Ricardo Moraes / Reuters
Ricardo Moraes / Reuters

Tragédia de Brumadinho leva Vale a prejuízo de R$ 6,4 bi no 1º trimestre

Segundo empresa, despesas com o rompimento da barragem em Minas Gerais, que resultou em 237 mortes, foi de R$ 17,3 bilhões nos primeiros três meses do ano; mineradora reportou no período o primeiro prejuízo operacional de sua história

Cristian Favaro e Fernando Nakagawa, O Estado de S.Paulo

09 de maio de 2019 | 19h26
Atualizado 10 de maio de 2019 | 10h21

A mineradora Vale teve prejuízo líquido de R$ 6,4 bilhões no primeiro trimestre deste ano, revertendo o lucro de R$ 5,1 bilhões na comparação anual. No trimestre imediatamente anterior, a empresa havia reportado lucro de R$ 14,5 bilhões. Segundo a companhia, o resultado deveu-se sobretudo aos eventos relacionados à barragem de Brumadinho.

A tragédia na cidade mineira levou a empresa a apresentar o seu primeiro resultado operacional medido por lucros antes de juros, impostos, depreciação e amortização (Ebitda, na sigla em inglês) negativo na história, de R$ 2,8 bilhões no trimestre. Esse indicador é utilizado por analistas de mercado para entender quanto a empresa está gerando com suas atividades operacionais, sem contar operações financeiras – e avaliar se a atividade a sustenta ou não.

O rompimento da barragem da mina de ferro Córrego do Feijão, com capacidade para armazenar mais de 12 milhões de metros cúbicos de rejeitos, liberou uma onda de lama que atingiu instalações da empresa, mata, comunidades e rios da região. Foram confirmados, até o momento 237 vítimas fatais, enquanto 33 pessoas estão desaparecidas.

Detalhamento

No balanço, a empresa explicou que o impacto financeiro da ruptura da barragem de Brumadinho no Ebitda do trimestre foi de R$ 17,3 bilhões devido às “provisões para os programas e acordos de compensação/remediação (R$ 9,3 bilhões); provisão para descomissionamento ou descaracterização de barragens de rejeito (R$ 7,1 bilhão); despesas incorridas diretamente relacionadas a Brumadinho (R$ 392 milhões); volumes perdidos (R$ 1,1 bilhões); despesas de parada (R$ 605 milhões); outros (R$ 469 milhões)”.

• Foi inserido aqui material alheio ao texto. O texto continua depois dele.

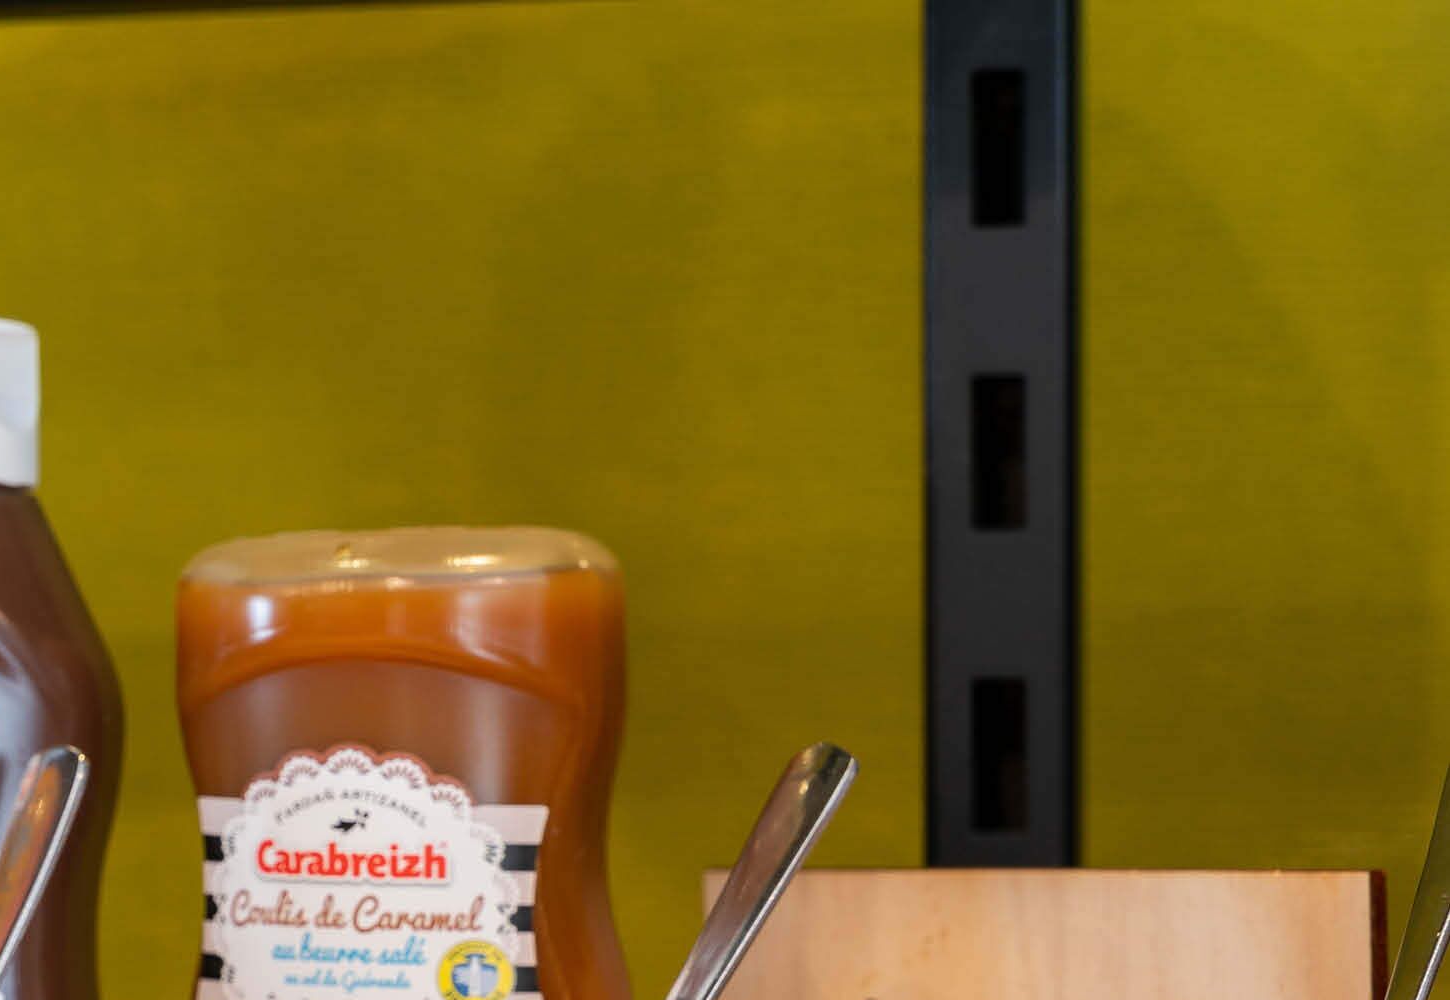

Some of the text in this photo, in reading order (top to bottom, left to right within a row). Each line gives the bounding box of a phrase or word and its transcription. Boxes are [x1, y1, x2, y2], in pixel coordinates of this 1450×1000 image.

[256, 838, 448, 880] Carabreizh
[229, 888, 485, 933] Coulis de Caramel
[271, 943, 296, 961] au
[299, 931, 374, 964] beurre
[377, 934, 428, 966] salé
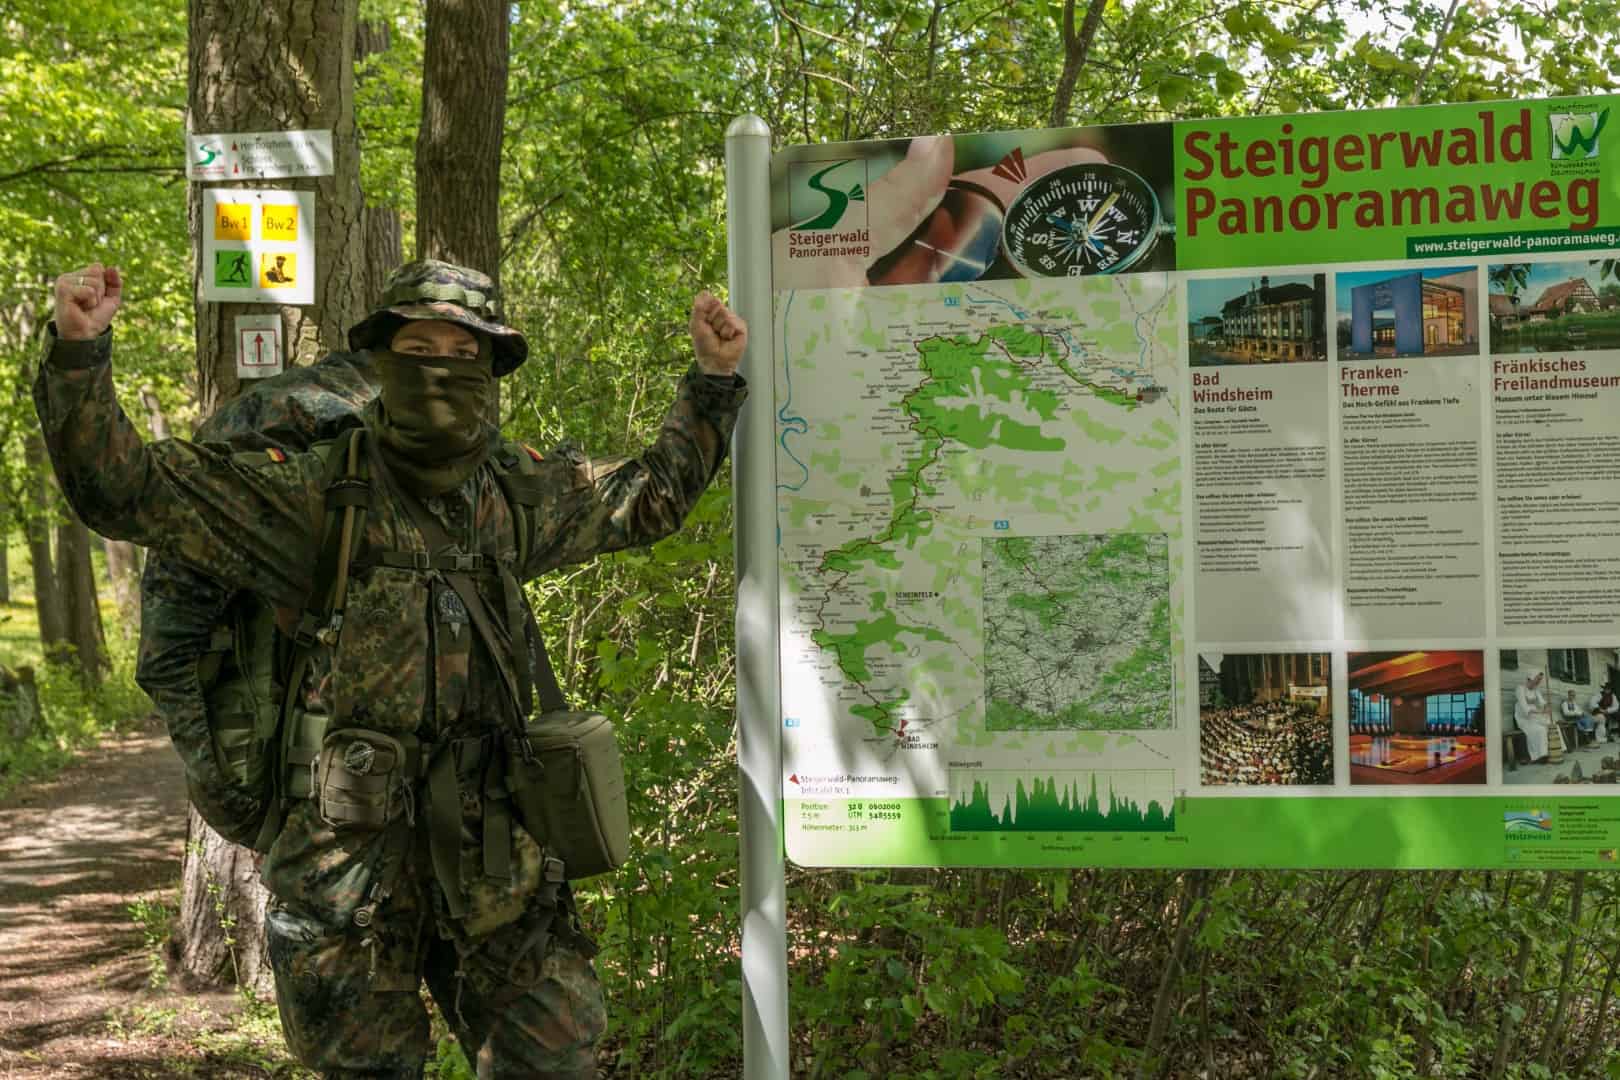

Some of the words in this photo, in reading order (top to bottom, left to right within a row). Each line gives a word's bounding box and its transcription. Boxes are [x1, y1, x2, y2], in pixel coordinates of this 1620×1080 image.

[1184, 109, 1532, 188] Steigerwald
[1186, 177, 1600, 236] Panoramaweg
[789, 229, 869, 247] Steigerwald
[1414, 233, 1620, 252] www.steigerwald-panoramaweg.
[789, 246, 870, 258] Panoramaweg
[1341, 366, 1408, 380] Franken-
[1494, 358, 1586, 374] Fränkisches
[1193, 372, 1219, 386] Bad
[1494, 376, 1620, 391] Freilandmuseum
[1193, 387, 1273, 402] Windsheim
[1341, 383, 1400, 397] Therme

Os gastos mencionados ocorreram apenas no primeiro trimestre, e a companhia diz que não é possível avaliar futuros desembolsos. “No estágio atual das investigações, apurações das causas e possíveis ações de terceiros contra a Vale, não é possível determinar todos os custos que podem ser incorridos em decorrência do evento”, cita o balanço do primeiro trimestre. “Portanto, os valores divulgados no resultado do trimestre levam em consideração a melhor estimativa da administração e consideram os fatos e circunstâncias conhecidos até momento”.

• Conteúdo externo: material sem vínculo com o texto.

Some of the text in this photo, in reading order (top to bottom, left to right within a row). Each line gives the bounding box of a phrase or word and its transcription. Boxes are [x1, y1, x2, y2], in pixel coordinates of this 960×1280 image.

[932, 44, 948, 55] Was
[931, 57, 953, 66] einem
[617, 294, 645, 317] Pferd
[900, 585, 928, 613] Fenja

A alavancagem da Vale voltou a crescer no primeiro trimestre de 2019, voltando a ficar em 1 vez a geração de caixa (medida pelo Ebitda), mesmo patamar que exibia ao fim de março de 2018. Em dezembro do ano passado, o índice estava em 0,6 vez a geração de caixa.

Contrariando expectativas

O prejuízo da companhia veio na contramão do que os analistas consultados pelo Estadão/Broadcast esperavam. A expectativa das sete casas consultadas apontava para lucro líquido de US$ 1,86 bilhão no primeiro trimestre de 2019. Entre as casas consultadas, estão BTG, Itaú BBA, Morgan Stanley, Safra, XP, Bradesco BBI e BB Investimentos.

Vale destacar, entretanto, que diante das incertezas em calcular os resultados, as casas não consideraram provisões relacionadas ao rompimento da barragem de Brumadinho.

A receita, que somou US$ 8,203 bilhões de janeiro a março de 2019 (ou R$ 31 bilhões, na moeda brasileira), ficou 10,25% inferior à média das expectativas, de US$ 9,14 bilhões.

Após analisar o balanço da Vale do primeiro trimestre, a auditoria PricewaterhouseCoopers alerta que, apesar de a mineradora ter feito provisão bilionária para gastos relacionados à tragédia de Brumadinho, os valores “deverão ser revistos e poderão vir a ser ajustados de forma significativa”.

A auditoria reconhece que os valores incluídos no balanço foram calculados com base “nas suas melhores estimativas e premissas”. Mas diz que “em decorrência da natureza e das incertezas inerentes a esse tipo de evento, os valores reconhecidos e/ou divulgados deverão ser revistos e poderão vir a ser ajustados de forma significativa.”